The attacks in New York and Washington DC on 11 September 2001 were the first shock on the international scene in the twenty first century.

America felt not only under attack, but vulnerable. It was the first time in many decades that large sections of Americans felt that an enemy can reach their homes, a feeling that Americans hardly ever experienced during the four decades of the Cold War.

The fact that that enemy seemed elusive and hardly organised, and for many came across as bands of seemingly medieval men, both, exacerbated the sense of strangeness of that danger, as well as fuelled the desire for revenge.

And so America unleashed its powers, not merely to destroy these groups that were hiding in the Asian steppes, but primarily to show the world and its own people that it can and is willing to use its unrivalled military power to punish those who had attacked her – and to deter those who are thinking of challenging her.

The latter point was key. In attacking Iraq in 2003, irrespective of the rhetoric then about Iraq’s arsenal of weapons of mass destruction, America was not avenging for the attacks of 2001 (which Iraq had no link to). America was sending a clear message to the entire world about its ability to shatter any existing or would be challenger to its world order. In Iraq, America blatantly emphasised that it would sustain, by force if needed, its global order, that emerged after the end of the Cold War.

Some observers argued that the American response to 9.11 was blinded by fury, and that America’s wars in Afghanistan and Iraq were strategic blunders. There were certainly elements of that. But there was also a strategic calculus. America wanted potential challengers, primarily but not only China, to see the capabilities of the American war machine, and to see America’s willingness to deploy these capabilities in far away lands. And in so doing, America was ready to mobilise hundreds of thousands of Americans in different theatres of military operations, initially in Central Asia (in Afghanistan) and later in multiple locations in the Middle East and the Gulf.

The message was received and registered by China and Russia, but also by many countries, allies and foes of the United States.

The message was also intended internally, to the American public - that the era of peace – the single decade of the nineties, after the end of the Cold War – was over, and that America was at war again. Militant Islamism, the Taliban, and Iraq under Saddam Hussein became faces of successive enemies that the American imagination – and its myriads of highly creative agents, from East Coast print houses to West Coast drama production studios – could conjure up in different forms. But the underlying emotional current that was, repeatedly, pushed to the American public was that American values, interests, ways of life, and supremacy were far from secure, and that they needed to be protected through America’s might.

This message remained consistent with the Republican and Democratic administrations in the past two decades.

It is interesting that what appeared to be the dismal political results of the Afghanistan and Iraq wars never lessened America’s penchant for using its military might abroad.
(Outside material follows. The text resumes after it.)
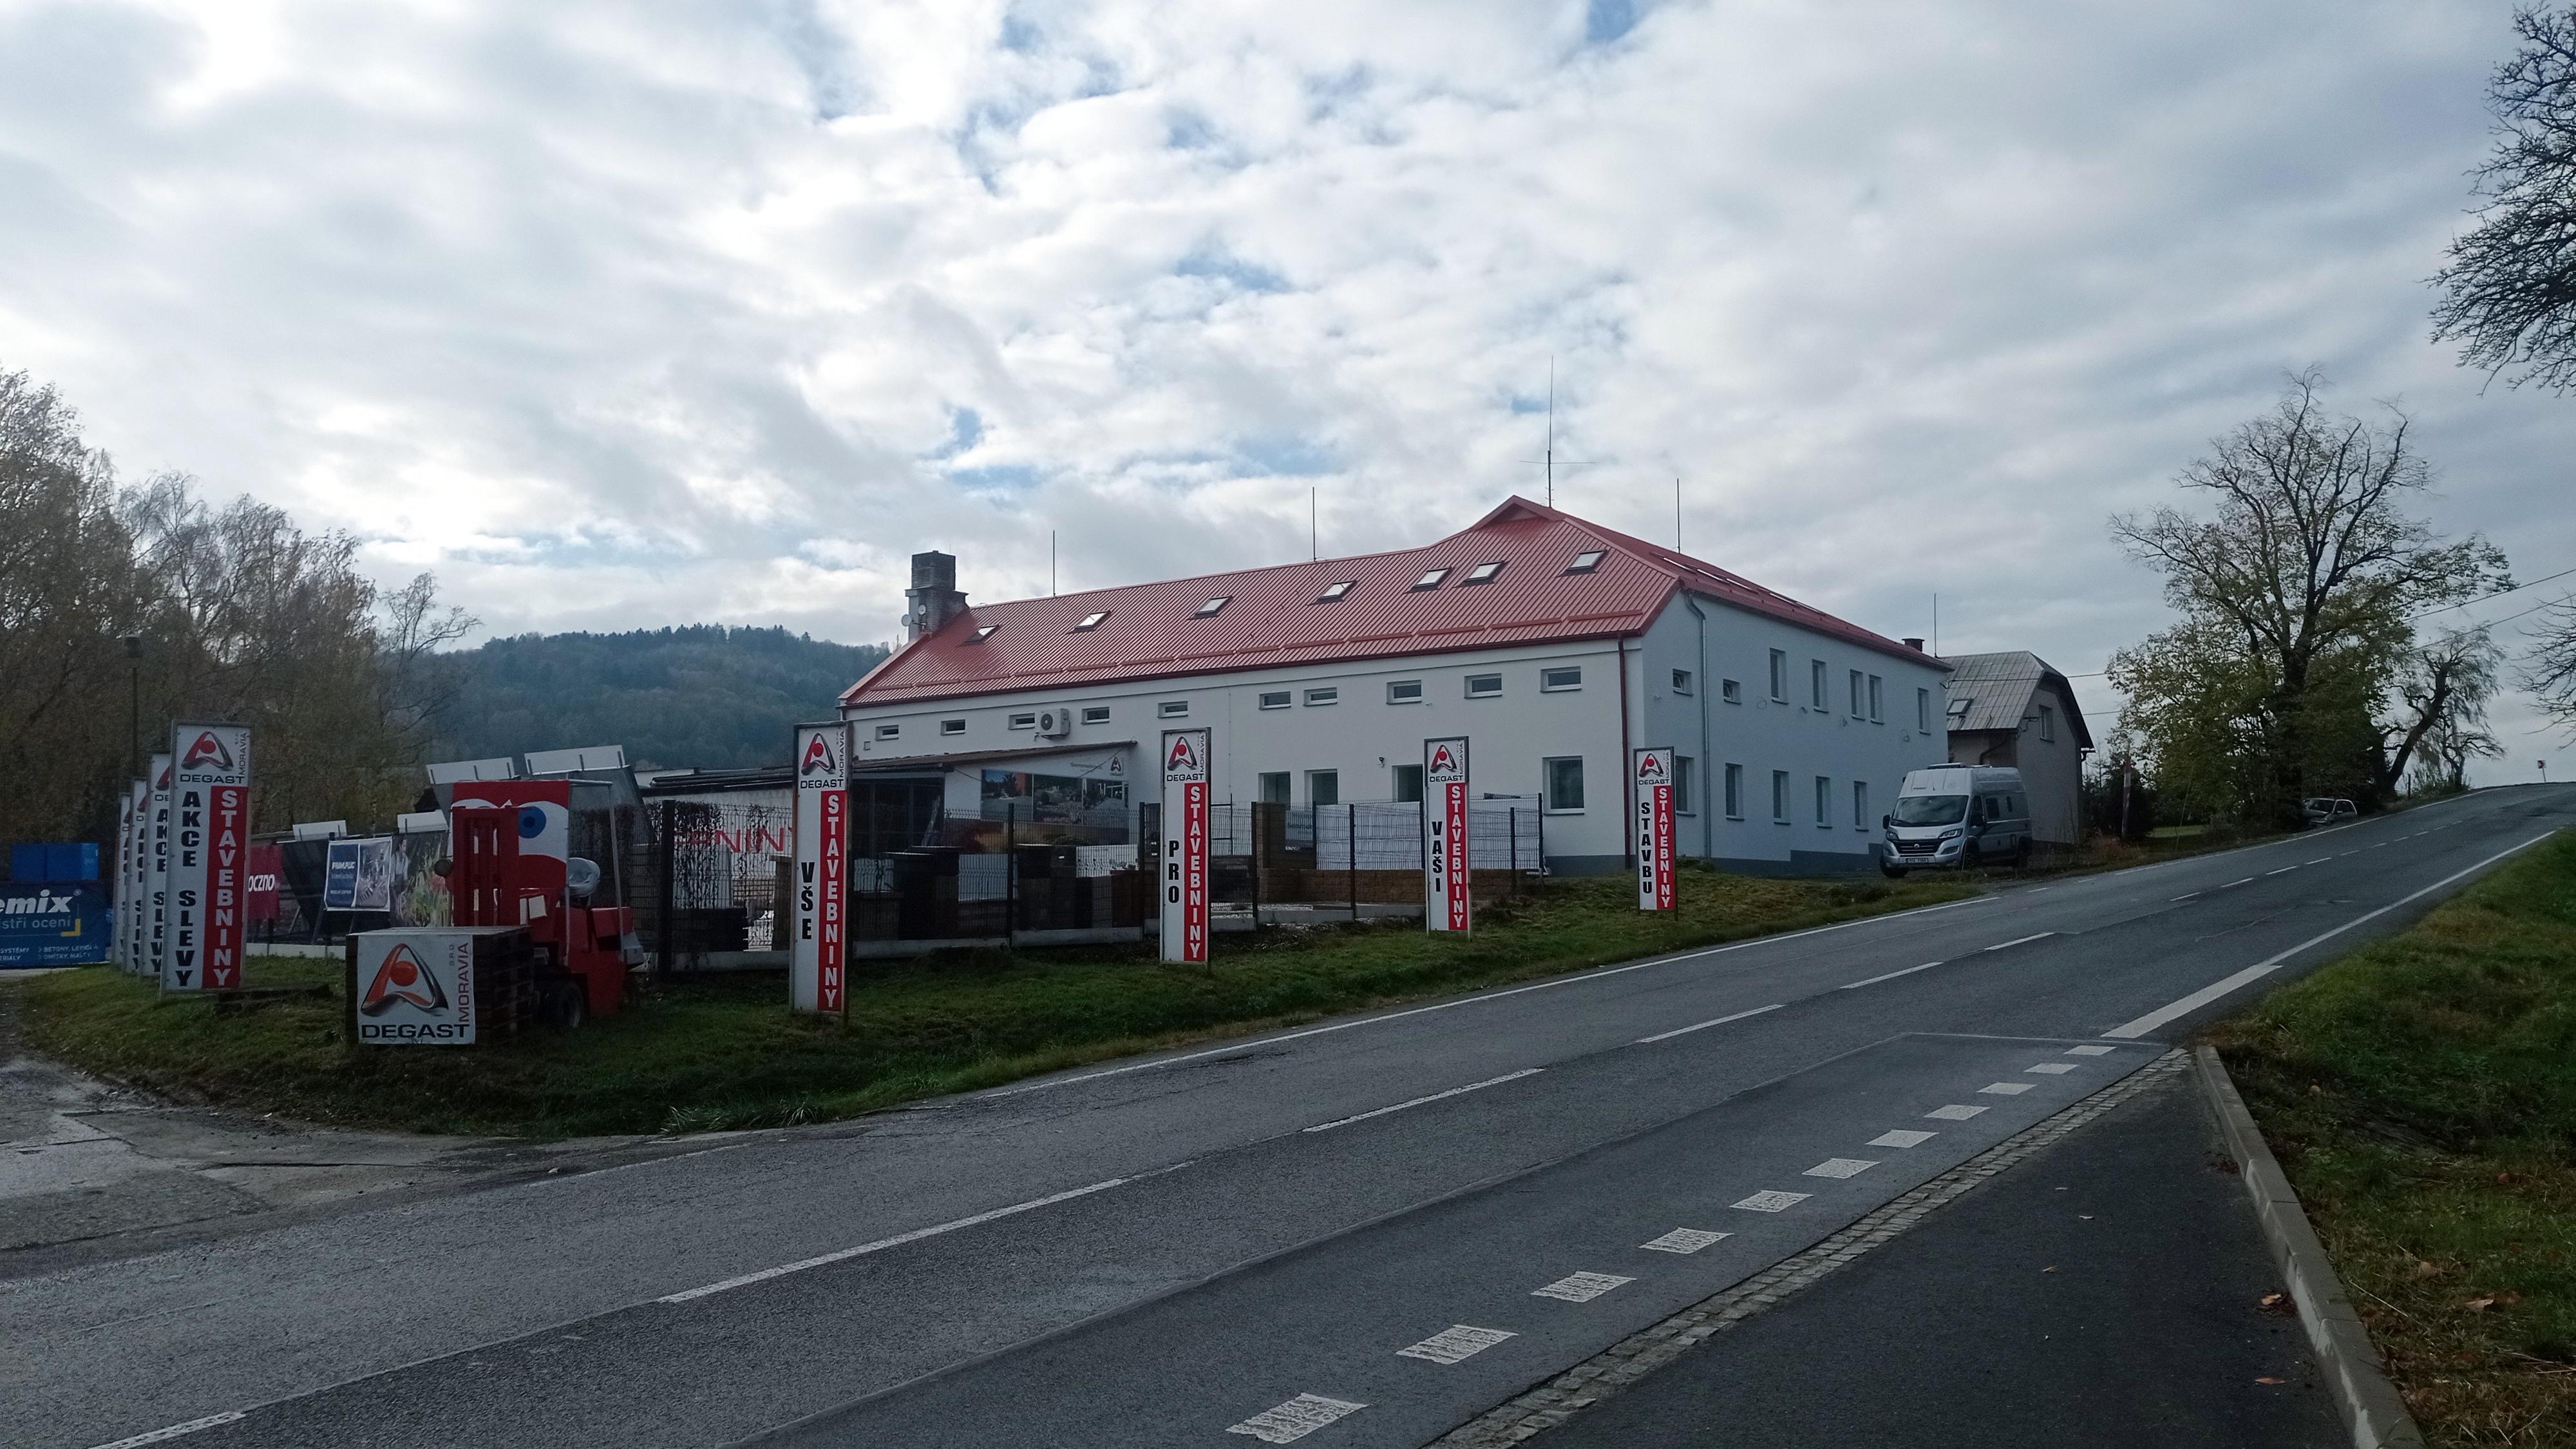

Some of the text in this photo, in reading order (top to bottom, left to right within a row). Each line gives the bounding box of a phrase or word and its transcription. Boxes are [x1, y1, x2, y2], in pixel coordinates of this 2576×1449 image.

It is true that influential circles, whether in the Republican and Democratic parties or in key state institutions, have internalised the lesson of how challenging nation-building in the global south is. One of the most interesting exercises in serious strategic studies in America in the past decade was reflecting on the differences of the nation-building experiences in Germany and Japan in the two decades after World War Two, versus the experiences in Afghanistan and Iraq in the past two decades. That aside, America understood that it must significantly dilute its nation-building endeavours. But there was a flip side to this understanding. That is, military might and top-down imposition of American will, largely through force, have bigger roles to play in the world appearing in the twenty first century.

The Middle East became the primary theatre of successive deployments and usages of that American military might. It proved successful. America managed, not only to achieve all of its military objectives in the Middle East; it has also significantly expanded its military presence across the region, which remains of central importance in controlling the world’s key energy sources (now and in the foreseeable future) and the world’s busiest trade routes.

Military success in the Middle East, along with an imperial mindset in a historical moment in which America was indeed an unchallenged sole global hegemon, gave rise to other forms of ambitions to secure the American world order. And again, the Middle East was the theatre of these ambitions. As the next article of this series will show, the Middle East became, in the past two decades, the ground for testing large scale socio-political experiments that have effectively reshaped the Arab world, and that had spillover effects on its key neighbours, Iran, Israel, and Turkey.